- _GIVEN DATA_
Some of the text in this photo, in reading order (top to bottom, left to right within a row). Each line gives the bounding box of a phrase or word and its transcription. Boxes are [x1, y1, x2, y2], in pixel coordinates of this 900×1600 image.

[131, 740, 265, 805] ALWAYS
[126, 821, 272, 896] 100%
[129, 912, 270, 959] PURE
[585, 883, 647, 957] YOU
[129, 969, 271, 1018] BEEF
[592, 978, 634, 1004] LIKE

- _EXERCISE DESCRIPTION_
Set down the whole listing exactly.

- _WRITTEN ANSWER_
Some of the text in this photo, in reading order (top to bottom, left to right within a row). Each line gives the bounding box of a phrase or word and its transcription. Boxes are [x1, y1, x2, y2], in pixel coordinates of this 900×1600 image.

[131, 740, 265, 805] ALWAYS
[126, 821, 272, 896] 100%
[129, 912, 270, 959] PURE
[585, 883, 647, 957] YOU
[129, 969, 271, 1018] BEEF
[592, 978, 634, 1004] LIKE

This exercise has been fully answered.